First published in Victory Review, February 1999.
I often work with beginning guitarists who have learned some simple rhythmic
strum patterns by ear. For many, even though they play the right rhythm,
the music doesn't groove. This month, we'll explore some reasons for this
and what to do. The focus here is on simple down-up strumming, but the
ideas discussed can be adapted to other styles as well.

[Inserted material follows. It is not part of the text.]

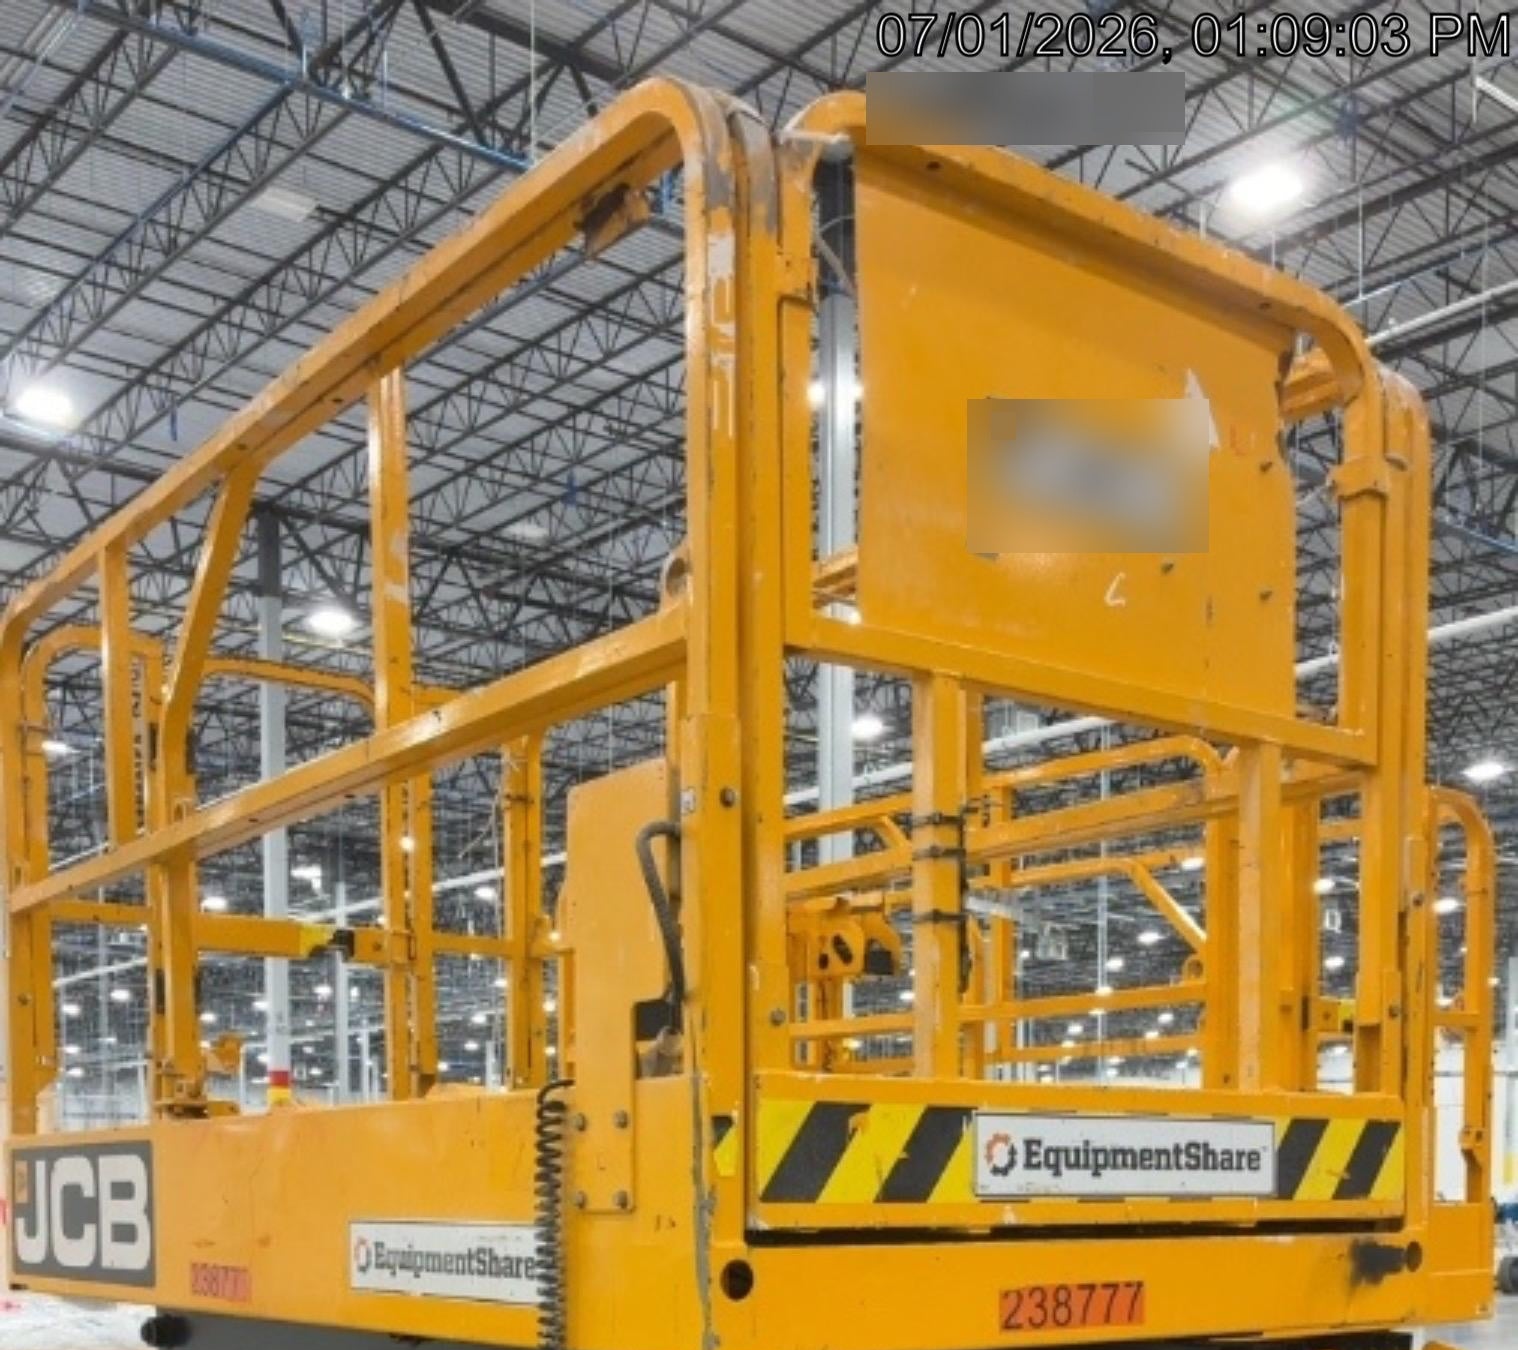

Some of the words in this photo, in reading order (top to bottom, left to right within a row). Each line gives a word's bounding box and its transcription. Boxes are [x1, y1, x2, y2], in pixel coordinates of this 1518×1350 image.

Rhythm is physical. Music that grooves makes us move, makes us sway and
dance. Why? Because there's a steady pulse in the music that we sense
and respond to, and all the rhythms are heard in relation to it. Music
that isn't groovy confuses the body, and the cause is usually confusion
in the musicians' own bodies. If they don't feel the pulse, neither will
the audience. Therefore, rhythm players must embody the pulse and the
rhythms they play. While the pulse is regular and constant, most rhythms
are not, so you must feel both at once.
When you strum, you sweep your hand across the strings, either down toward
the floor or up toward the ceiling. Many beginners prefer down-strokes
to up-strokes, or they treat the choice or down- or up-stroke as arbitrary;
it's not. When learning to strum, learn to mark the pulse in your hand
with a steady, ongoing motion: down-up-down-up, etc. Align this motion
with the pulse by counting the pulse out loud. In 4/4 time, for example,
you count quarter notes: "1, 2, 3, 4, 1, 2, 3, 4..." etc. Count
at a relaxed, steady pace, and as you say each number (i.e. each "beat"),
make a down-stroke with your hand. From now on, every beat will be a down-stroke.
Maintain this motion throughout a song, constantly marking time whether
you're hitting the strings or not. With practice, you eventually won't
need to keep your hand going like this all the time, but in the early
stages, it helps you make sense of the pulse physically.
Most strum patterns are more complicated than simply playing down-strokes
on quarter notes, often including strokes that fall between the beats.
We'll start with the simplest of these: 8th notes. Eighth notes divide
quarter notes in half (i.e. there are two eighth notes in a quarter note).
Notice that, when you play down-strokes on the quarter notes, in between
each beat your hand is doing an upstroke This is upstroke falls on what
is called the "upbeat" (as opposed to the beat). In 4/4, upbeats
are those eighth notes halfway between the beats.
To count quarters and eighths together, say the word "and"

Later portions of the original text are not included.